Covered with blistering boils and sitting in the company of his counsellors Misery, Mayhem and Mortality, Job said, ‘Miserable comforters are you all!’ Job 16:2b. But afterwards he comforted himself, saying to them, “I know my Redeemer lives, and He shall stand at last on earth; and after my skin is destroyed, this I know, that in my flesh I shall see God, whom I shall see for myself, and my eyes shall behold, and not another. How my heart yearns within me!’ Job 19:25-27.

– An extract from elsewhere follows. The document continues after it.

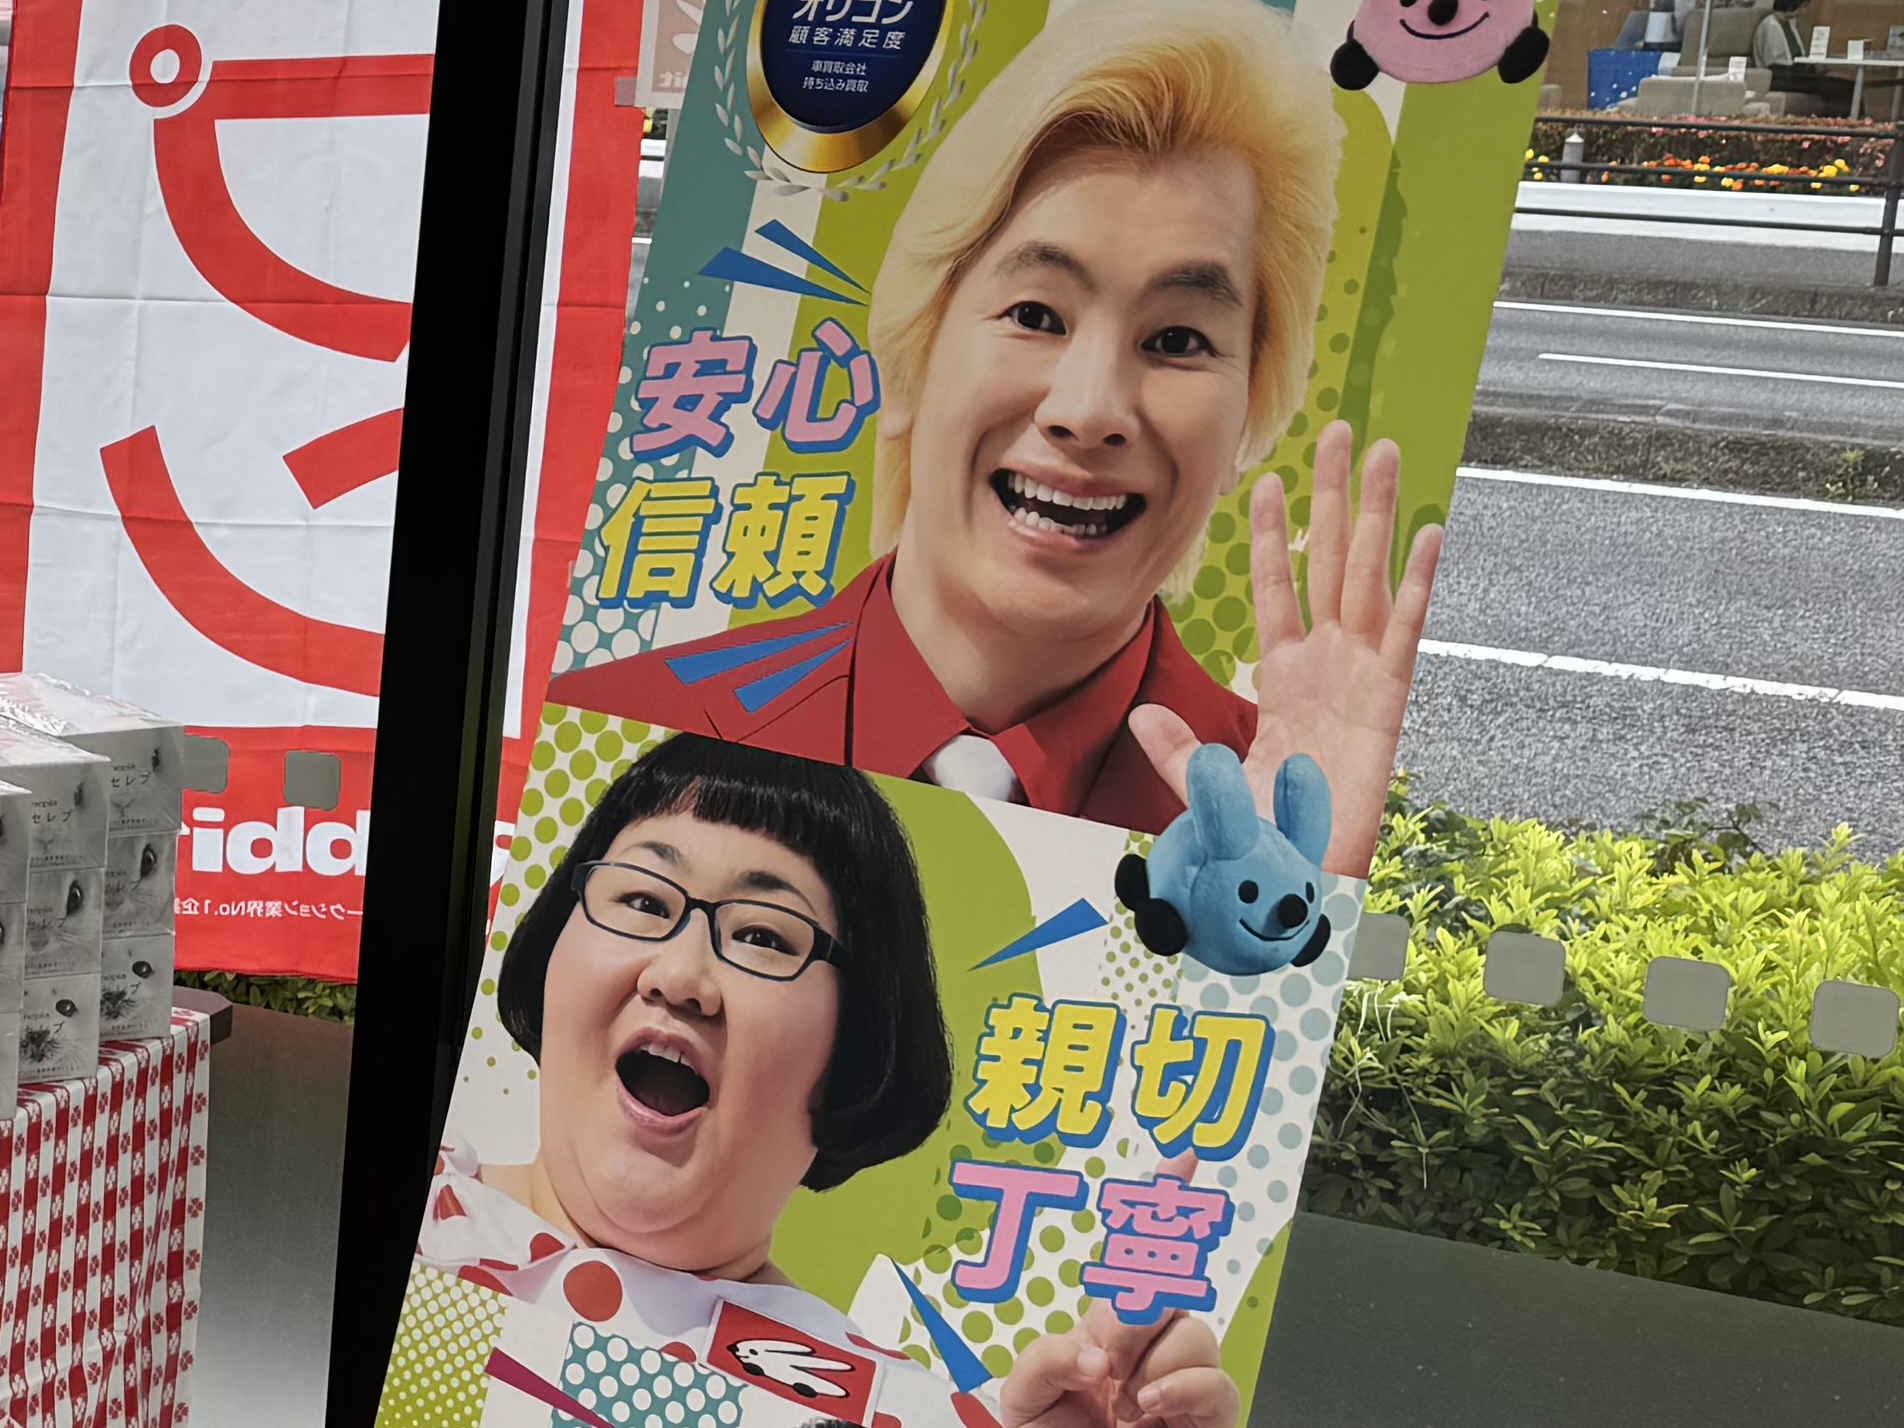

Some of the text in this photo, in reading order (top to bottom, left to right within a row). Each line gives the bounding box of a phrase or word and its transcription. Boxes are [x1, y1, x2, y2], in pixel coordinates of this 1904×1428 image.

Scripture speaks of the land our heart yearns for. However, it is not a land of make belief. It is not pie in the sky, but real, solid, a place in which righteousness dwells (2 Peter 3:13). ‘A little while, and the wicked will be no more; though you look for them, they will not be found. But the meek shall inherit the land and enjoy great peace’ Psalm 37:10-11. The ‘land’ in this verse may be translated as ‘earth.’ The Redeemer says, ‘Blessed are the meek, for they shall inherit the earth’ Matthew 5:5. The ‘land’ is this earth renewed. ‘Now I saw a new heaven and a new earth, for the first heaven and the first earth had passed away. Also, there was no more sea … And God will wipe away every tear from their eyes; there shall be no more death, nor sorrow, nor crying. There shall be no more pain, for the former things have passed away’ Revelation 21:1&4.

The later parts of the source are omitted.